[Records supplied Boundary: Start]
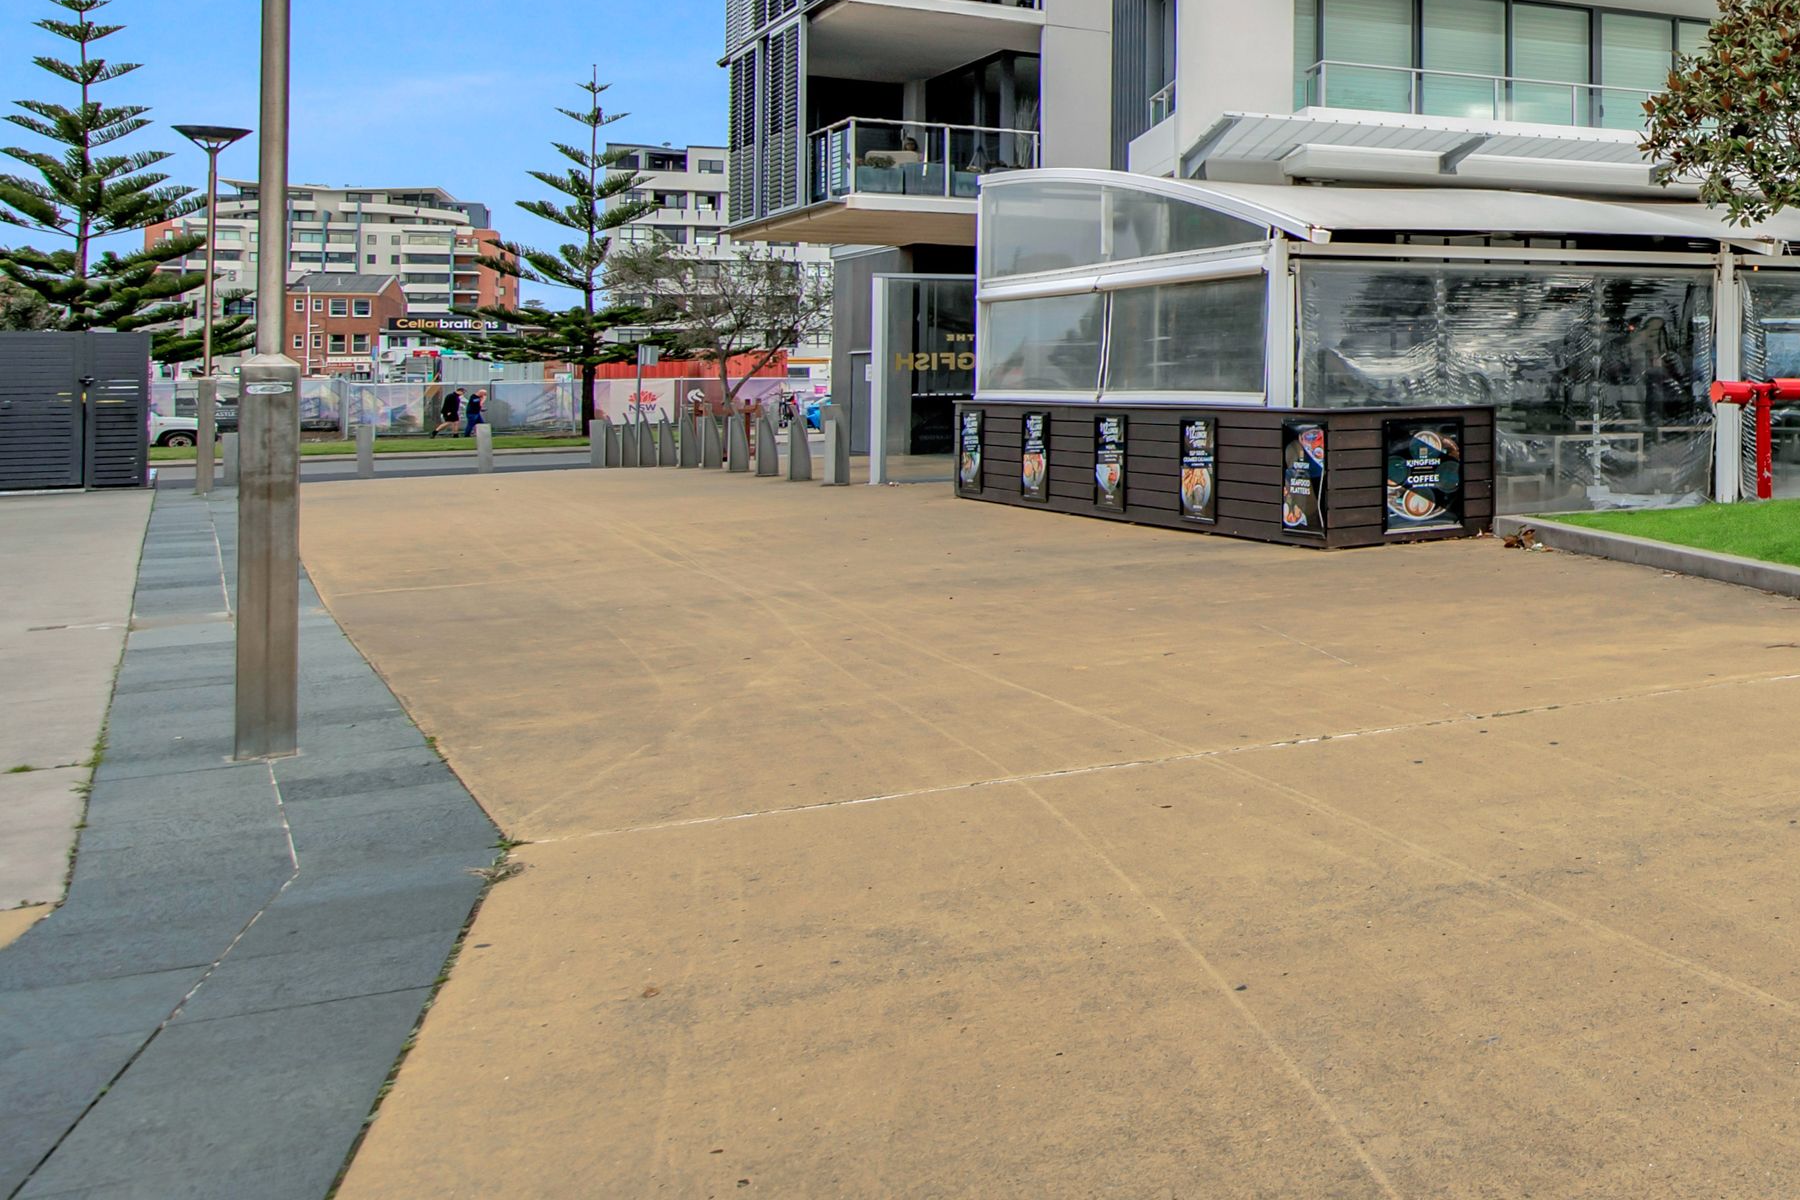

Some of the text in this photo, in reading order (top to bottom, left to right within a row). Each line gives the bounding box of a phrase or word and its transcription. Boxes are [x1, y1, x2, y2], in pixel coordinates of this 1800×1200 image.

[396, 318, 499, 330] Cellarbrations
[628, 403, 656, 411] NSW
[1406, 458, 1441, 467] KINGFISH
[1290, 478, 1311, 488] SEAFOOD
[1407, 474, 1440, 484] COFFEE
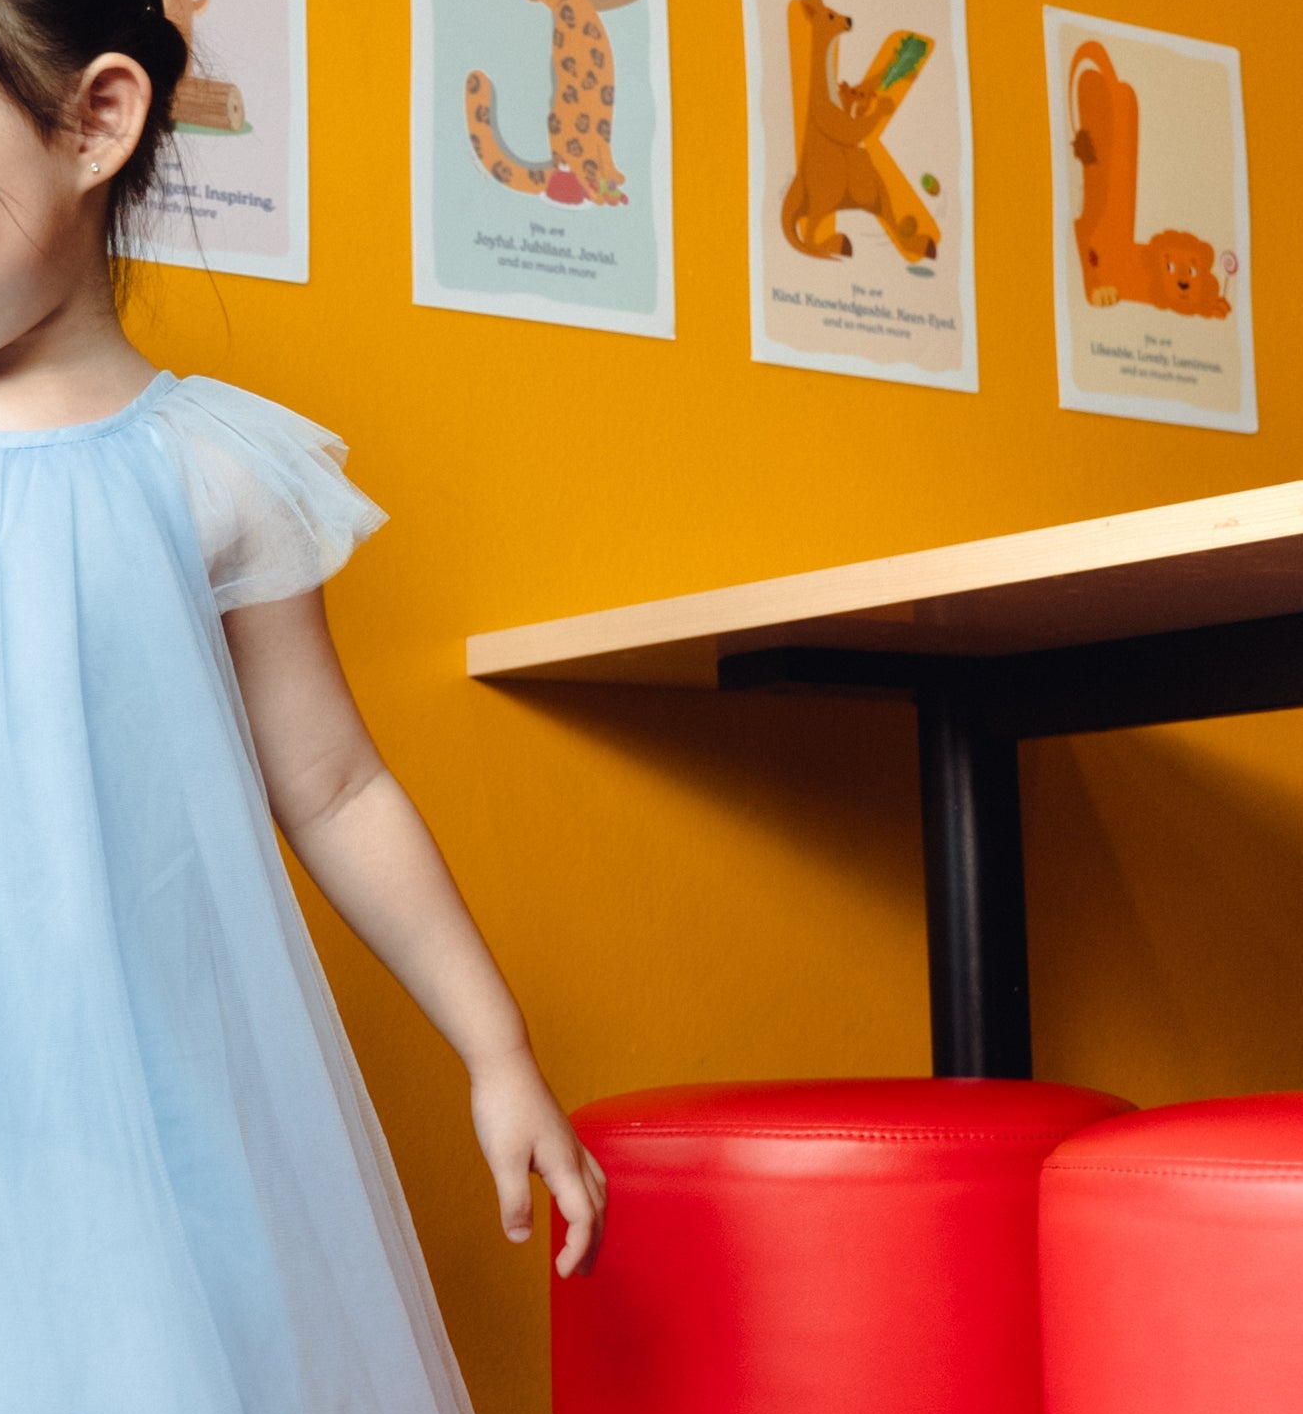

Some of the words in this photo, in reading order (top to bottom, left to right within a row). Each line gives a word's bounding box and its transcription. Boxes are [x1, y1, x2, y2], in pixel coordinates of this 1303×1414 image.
[Records supplied Boundary: End]
### Problem to work on:
Keeping the pictures out, output the records from above exactly and completely.

### Response to the task:
Some of the text in this photo, in reading order (top to bottom, left to right within a row). Each line gives the bounding box of a phrase or word and its transcription. Boxes are [x1, y1, x2, y2], in pixel coordinates of this 1800×1200 image.

[396, 318, 499, 330] Cellarbrations
[628, 403, 656, 411] NSW
[1406, 458, 1441, 467] KINGFISH
[1290, 478, 1311, 488] SEAFOOD
[1407, 474, 1440, 484] COFFEE

Some of the words in this photo, in reading order (top to bottom, left to right within a row). Each line gives a word's bounding box and its transcription. Boxes are [x1, y1, x2, y2], in pixel coordinates of this 1303×1414 image.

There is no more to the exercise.